We also got to look at the original “Alice Spring.” Oddly, it was named for the governor’s wife at the time who never visited the area, and it was a water hole not a spring… So the town is named after a woman who was never there and a spring that never was… In any event, all transport to the town was by camel train until the late 1920s when a narrow gauge rail road was built – well after the 1870s when the first telegraph was completed. Once that was in the camels were useless – so now there are about two million in the Northern Territory – and about 250,000 people.
After the park we made our way to the Royal Flying Doctor Service museum. Like the school of the air, the remote parts of Australia don’t have a lot of services available – so the RFDR flies patients to hospital and back. Even our driver had his son, born prematurely, taken to hospital by them. Each remote ranch or mine has a special medical kit with all the drugs numbered. If a problem people call and the doctor tells them the number of the drug to take. Now they also do a lot of health education work as well.
Then off to the local Reptile House – a small building that houses quite a few of the local reptiles. Interestingly enough, their lizards don’t lose their tails when attacked, but one has developed a roll of fat behind the head that serves the same purpose – the lizard hides its head when attached and the lump looks like a head – so the bird grabs it, it breaks off, and the lizard scurries away.
Also a collection of both poisonous and non poison snakes – While they are some of the most poisonous snakes in the world they have tiny little fangs and can’t really bite – they scratch. There are also pythons and some interestingly adapted water turtles – mostly in the north of the island.

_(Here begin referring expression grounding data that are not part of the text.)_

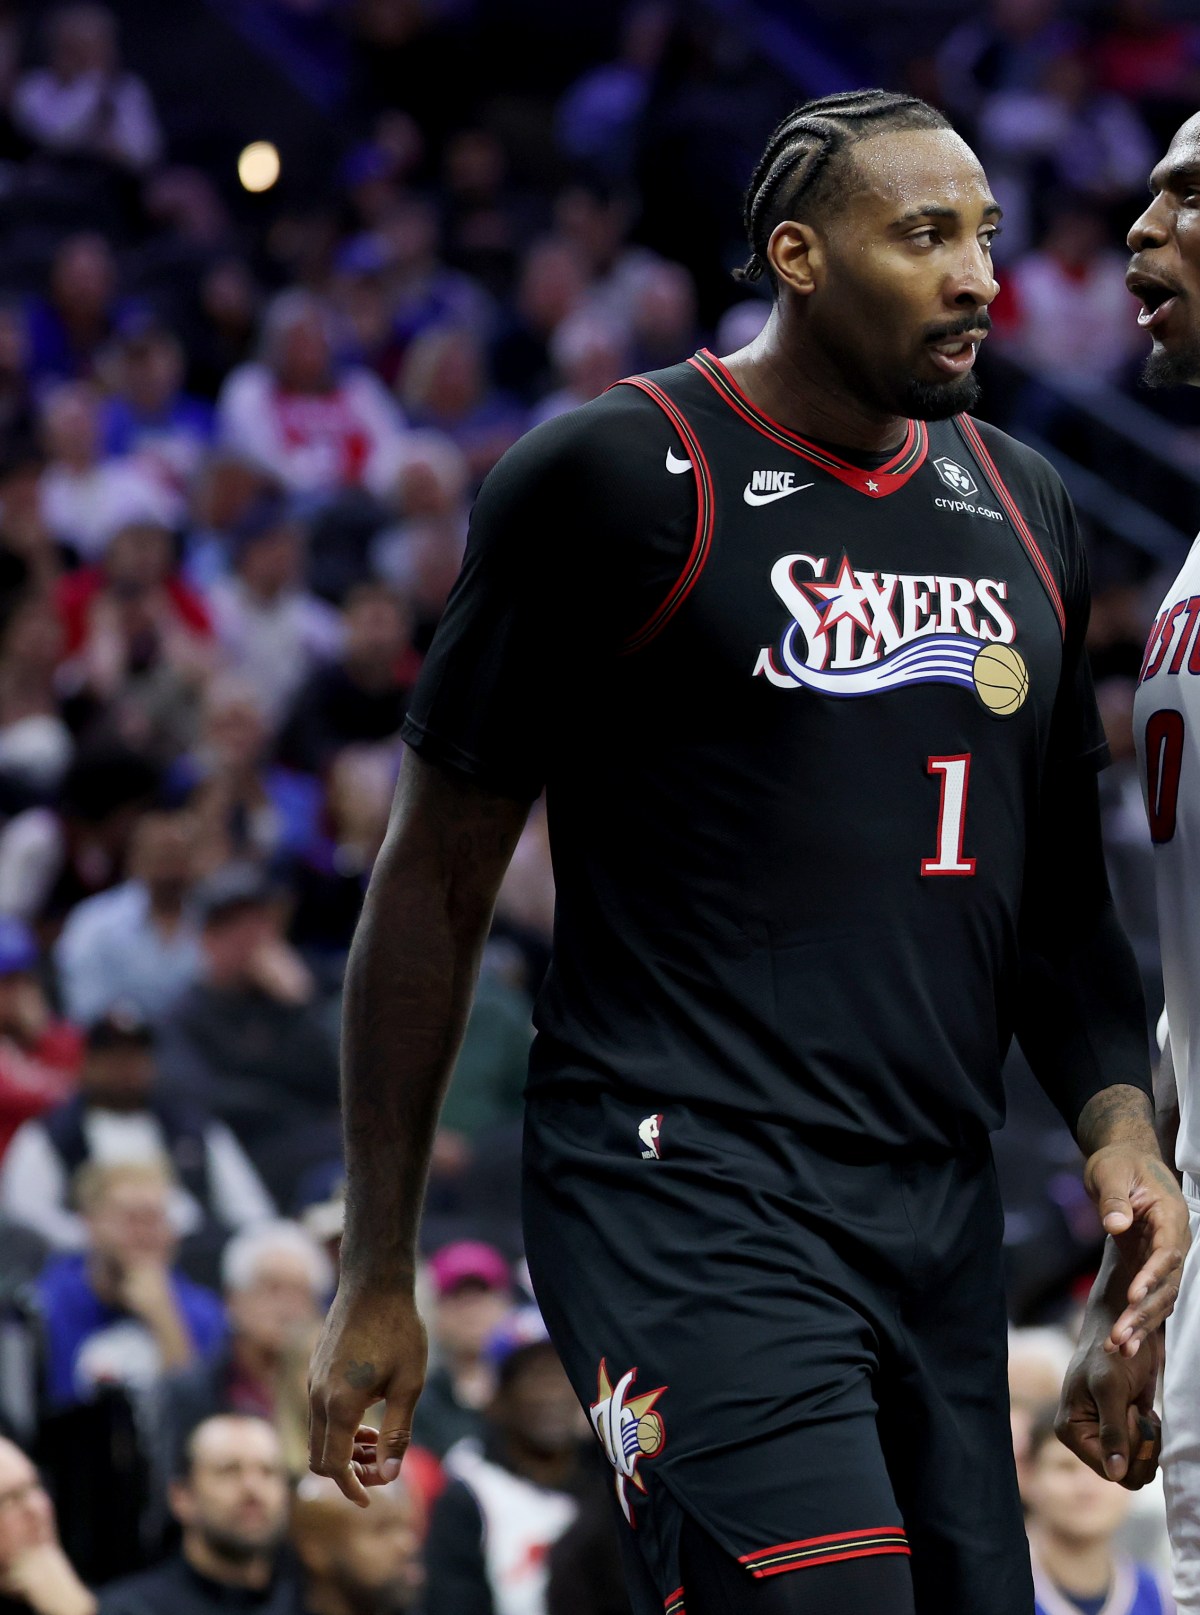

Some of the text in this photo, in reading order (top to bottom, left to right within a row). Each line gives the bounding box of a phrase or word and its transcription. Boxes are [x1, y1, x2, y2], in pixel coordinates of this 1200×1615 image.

[751, 470, 796, 491] NIKE
[934, 497, 1004, 521] crypto.com
[1145, 709, 1184, 843] 0
[921, 753, 976, 876] 1
[641, 1150, 655, 1160] NBA
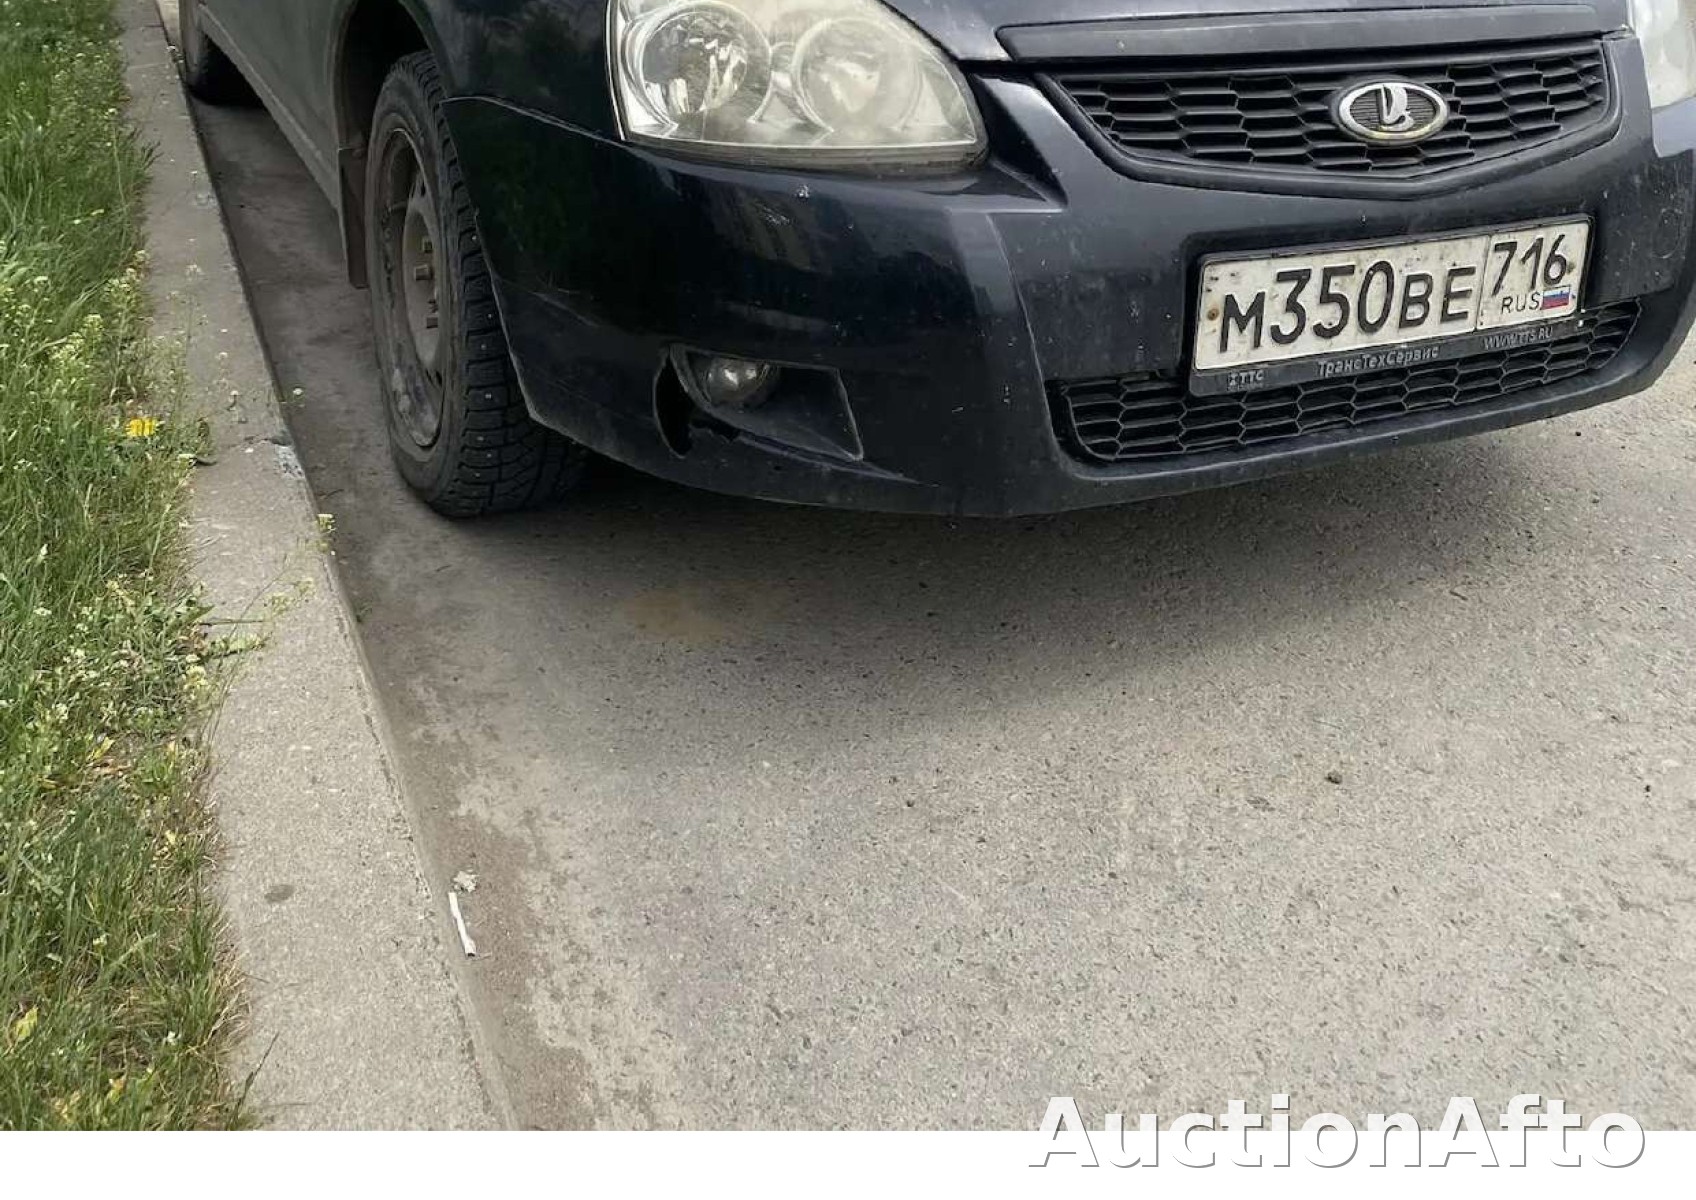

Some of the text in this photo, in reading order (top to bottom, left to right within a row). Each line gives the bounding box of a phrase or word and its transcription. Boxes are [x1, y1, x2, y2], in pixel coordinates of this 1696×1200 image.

[1492, 233, 1567, 297] 716
[1500, 291, 1540, 315] RUS
[1318, 346, 1439, 378] ТрансТехСервис

Then to the salt water crocodile tank. The guy has permission to keep it as it was causing issues in Darwin, so it was the zoo or the handbag. In his attempt to show us the neat trick of the crocodile closing its throat when it bites underwater, a battle between the crocodile and a skimmer resulted in the loss of yet another brave skimmer…
Finally we went to ANZAC hill – a war memorial that overlooks the whole city. It was quite breezy and chilly on top – Alice’s teeth were chattering so we didn’t stay long. Nice view – and another nice sunset! The temperature is supposed to fall to about 36 tonight.
Back to the hotel and dinner. We stopped back at the room then walked through the casino (Alice desperately wanted to play the slots… no) to the Juicy Rump Restaurant for dinner. I ordered a Caesar Salad with chicken and it came with more bacon than chicken. I guess a different recipe for it in Australia. Alice had Chicken Pasta and it had a pile of bacon in it as well. We thought about getting ice cream but were worried that it might have bacon too.
Back to the room and Alice is living on her ipod. We leave the hotel at 10:45 AM tomorrow for the trip to Sydney.